Produk Berbasis Digital, Komitmen Majukan UMKM Lokal

Produk Berbasis Digital, Komitmen Majukan UMKM Lokal

  Minggu, 21 April 2019 09:04
AJAKAN: INAKER bersama PT. Kopral Digital Khatulistiwa mengajak masyarakat pelaku UMKM mengubah cara pemasaran produk melalui basis digital. SIGIT ADRIYANTO/PONTIANAK POST

Berita Terkait

INAKER dan PT. Kopral Digital Khatulistiwa Pasarkan Produk UMKM 

Pemasaran suatu produk usaha mikro kecil menengah (UMKM) saat ini semakin penting, untuk bisa memperkenalkan produk yang dibuat dapat menarik perhatian orang. Saat ini Indonesia Bekerja (INAKER) dan PT. Kopral Digital Khatulistiwa menerapkan pemasaran berbasis digital untuk produk lokal yang ada di Pontianak. 

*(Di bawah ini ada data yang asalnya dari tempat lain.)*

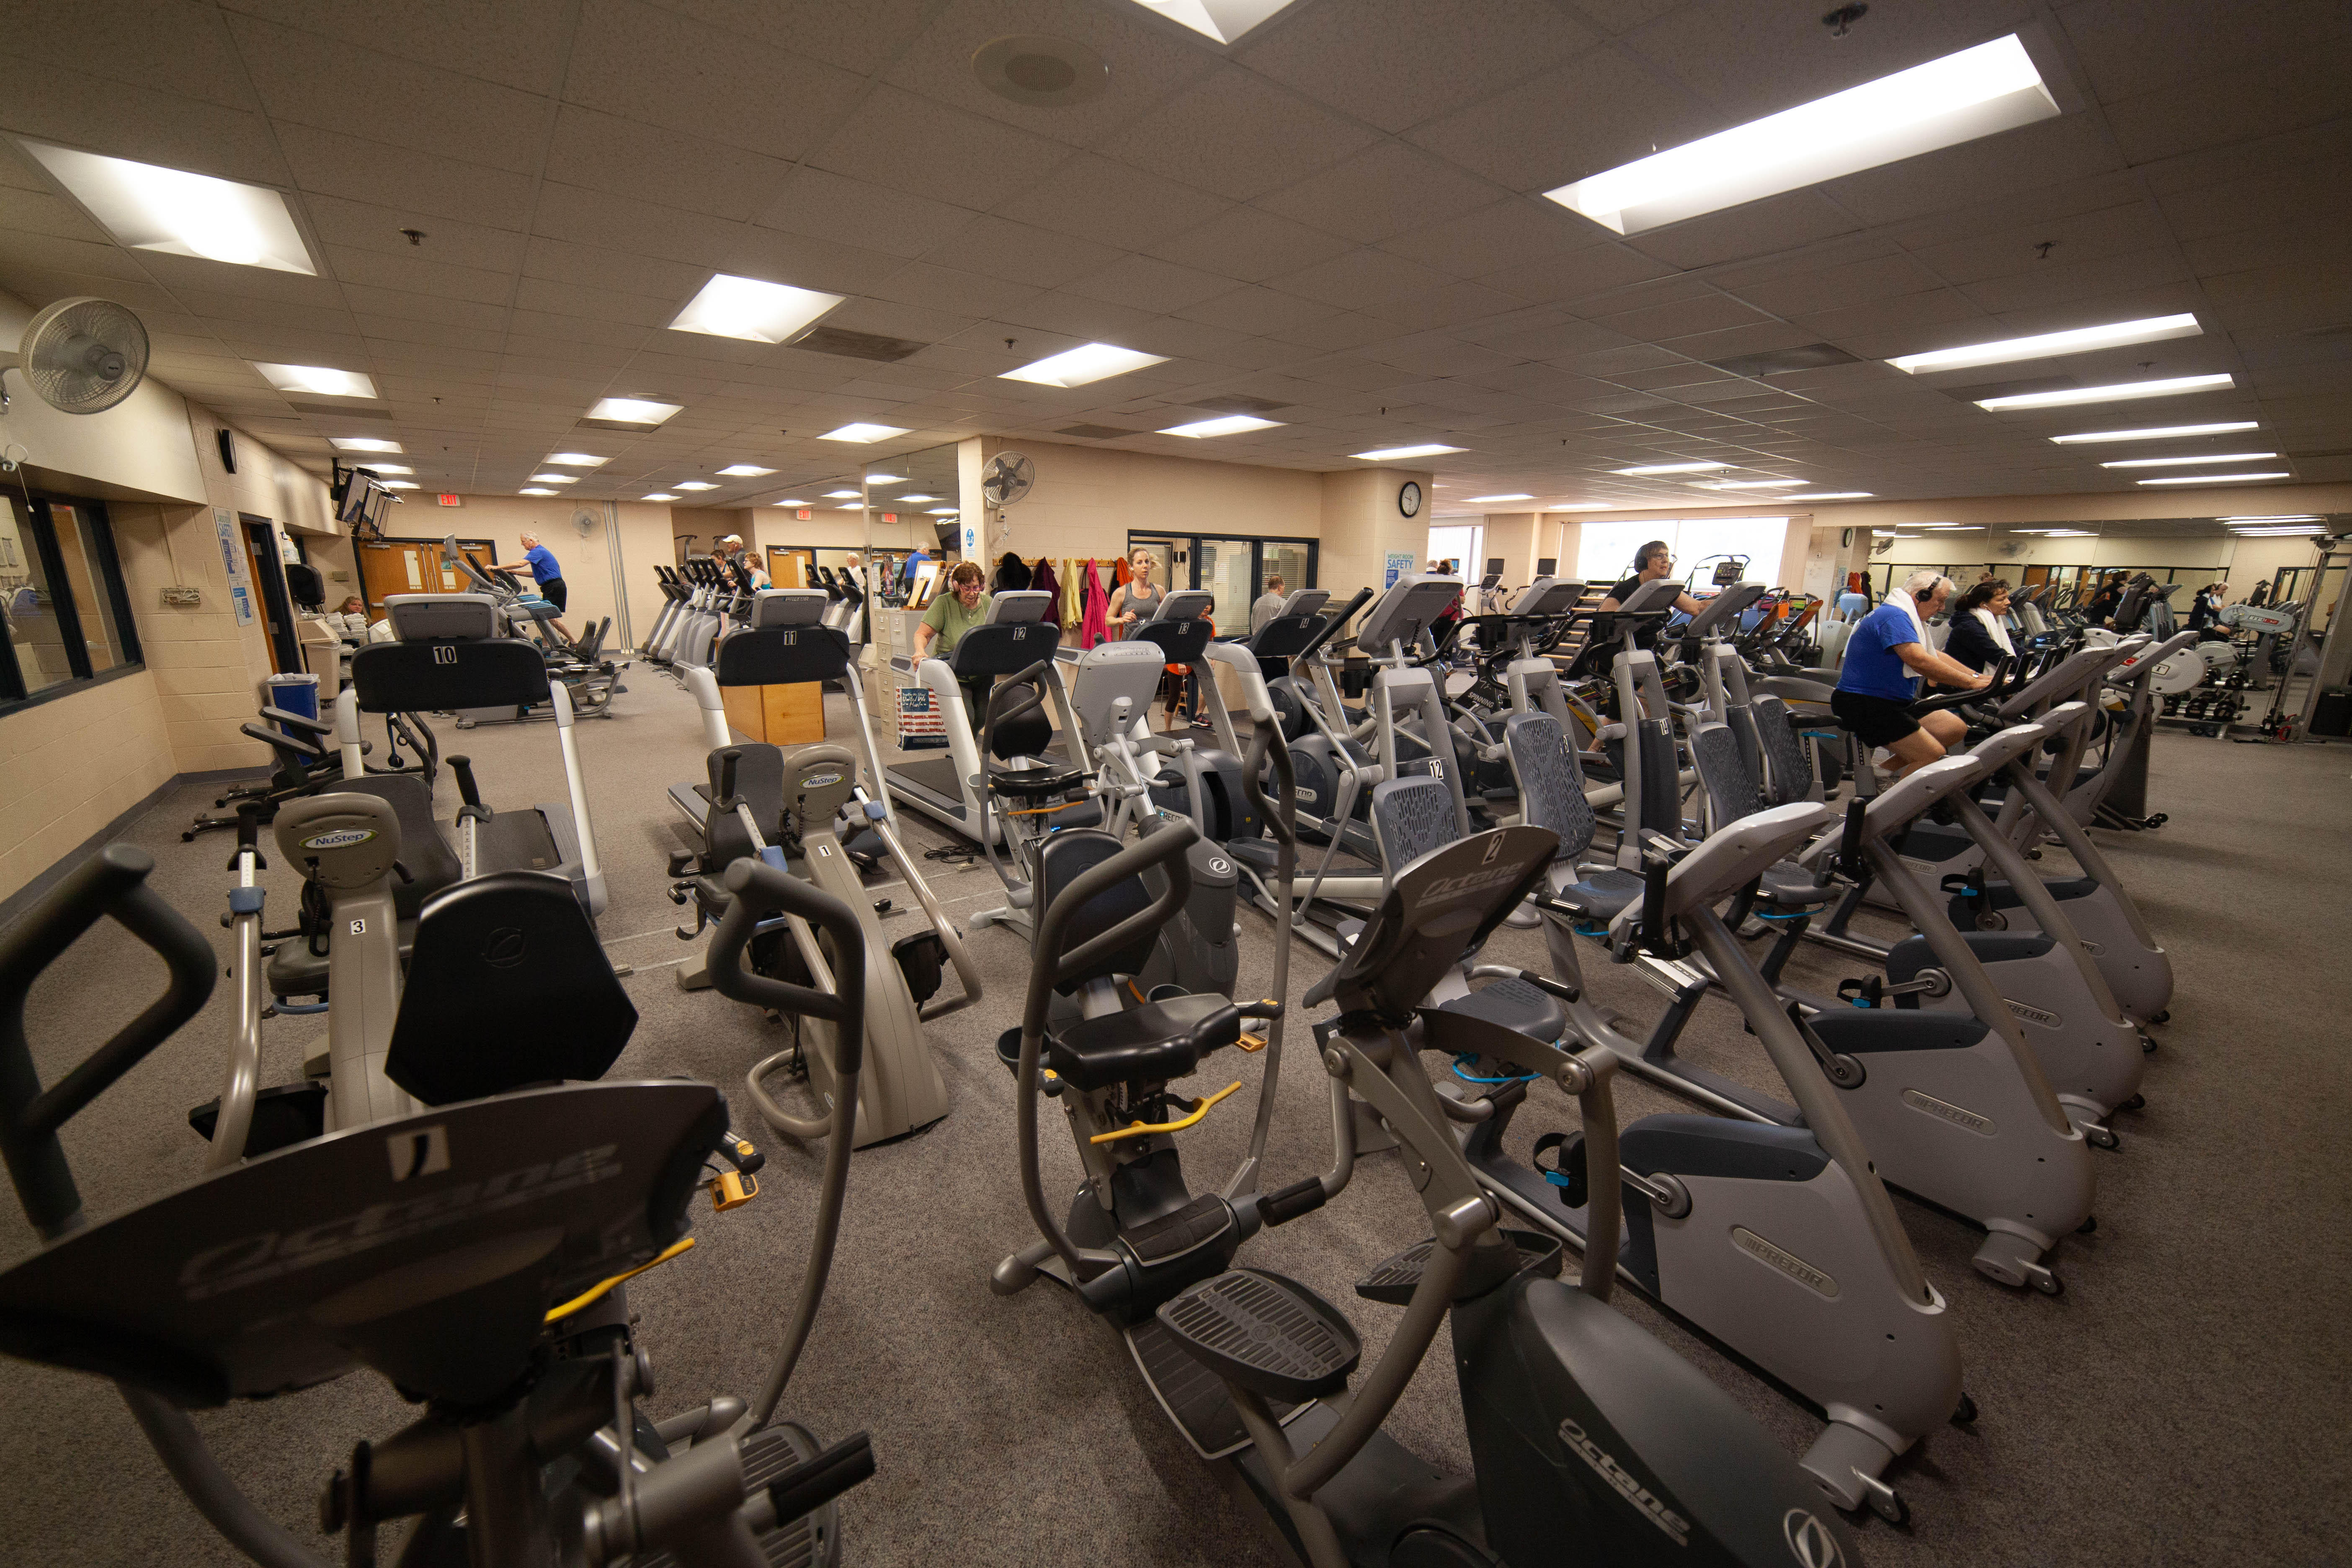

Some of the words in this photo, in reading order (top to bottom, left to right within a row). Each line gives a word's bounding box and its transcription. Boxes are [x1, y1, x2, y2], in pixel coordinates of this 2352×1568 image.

SIGIT ADRIYANTO, Pontianak

KETUA Indonesia Bekerja (INAKER), Andi Harun, mengungkapkan UMKM saat ini banyak yang sudah ada, namun belum maksimal. Salah satu kendalanya, diakui dia adalah pemasaran. "Untuk itulah kita akan bangun UMKM ke depan berbasis digital, dan bangaimana untuk memasarkan produk tersebut di luar," ungkapnya. 

Ia menjelaskan jika INAKER bertugas sebagai pembina dan legalitas yang harus diperhatikan. Sedangkan PT. Kopral Digital Khatulistiwa, menurut dia, bertugas untuk memasarkan barang sehingga lebih maju. 

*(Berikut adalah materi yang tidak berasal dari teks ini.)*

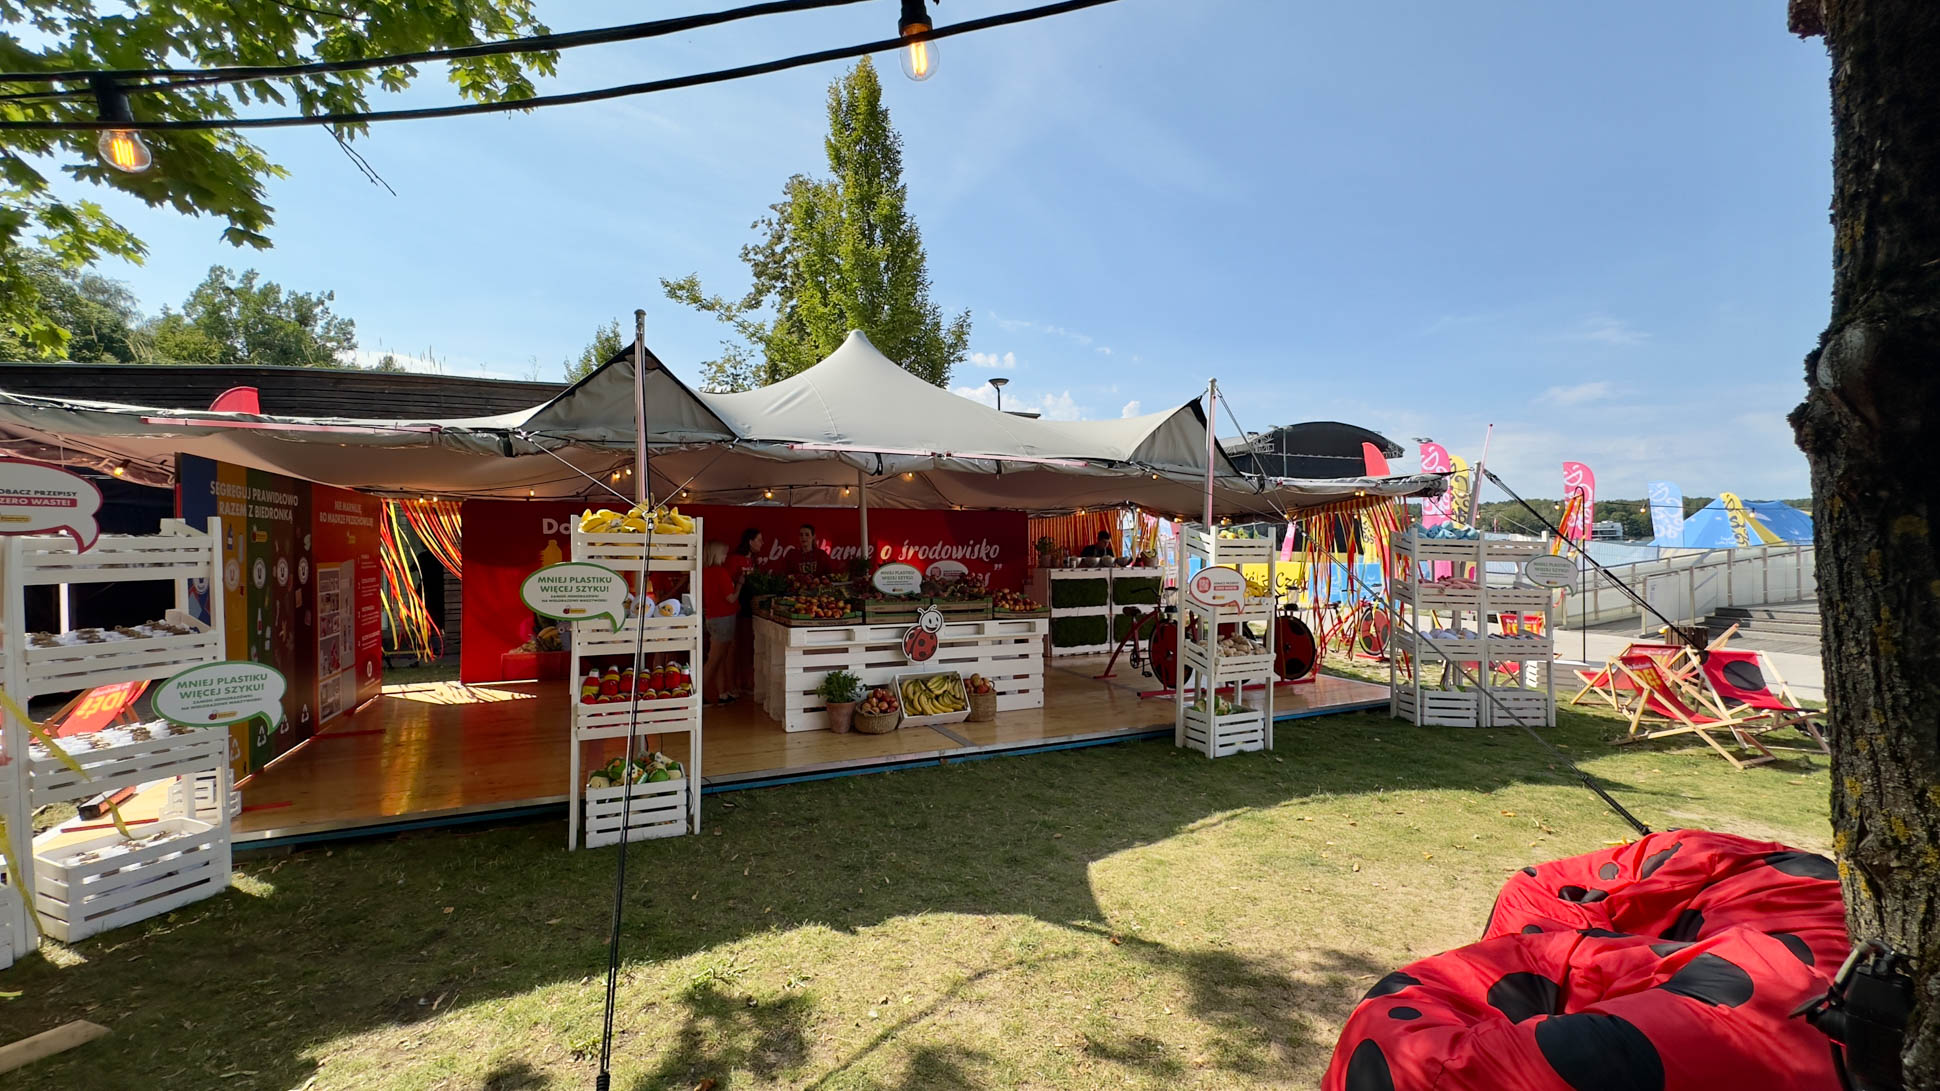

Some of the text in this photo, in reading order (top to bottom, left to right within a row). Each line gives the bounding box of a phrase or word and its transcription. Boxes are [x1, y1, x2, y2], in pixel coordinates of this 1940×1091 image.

[210, 480, 299, 506] SEGREGUJ PRAWIDŁOWO
[31, 498, 71, 506] WASTE!
[219, 501, 293, 524] RAZEM Z BIEDRONKĄ
[880, 544, 892, 560] o
[898, 539, 1000, 562] środowisko
[538, 576, 612, 584] MNIEJ PLASTIKU
[540, 585, 609, 593] WIĘCEJ SZYKU!
[176, 673, 268, 689] MNIEJ PLASTIKU
[179, 683, 265, 700] WIĘCEJ SZYKU!

Sebelumnya, disebutkan dia, sudah ada ekonomi kreatif digital, yang mana sudah ada beberapa produk yang dipasarkan hingga ke luar negeri. Bahkan, menurut dia, sudah berjalan beberapa tahun belakangan. Ke depannya produk di Pontianak diharapkan dia bisa dipasarkan ke luar negeri. "Target pasarnya seperti itu, dan memanfaatkan teknologi, jadi produk lokal berbasis digital. Kerena bisnis apapun yang kita jalankan pasti berbasis internet, jika tidak pemasarannya akan lama, dan inilah yang akan kita angkat UMKM berbasis digital," papar Imam Skaroni selaku CEO PT. Kopral Digital Khatulistiwa. 

Ia mengungkapkan, potensi yang ada di Kota Pontianak sangat banyak, tapi hanya menjual hasil UMKM masing-masing daerah. Nah, menurut dia, di sinilah mereka membuat platform untuk orang bisa mencari apa saja. "Inilah yang akan diangkat, makanya kita buat UMKM berbasis digital, jadi tidak hanya produk lokal yang saat ini ditampilkan," ucapnya. 

Langkah-langkahnya sendiri, dijabarkan dia, membangun bisnis yang perlu, dan mengadakan talkshow ke daerah-daerah. "Setelah ini kita ke daerah lain, dan produk dari sini akan kita bawa dan terus berputar," ungkapnya. 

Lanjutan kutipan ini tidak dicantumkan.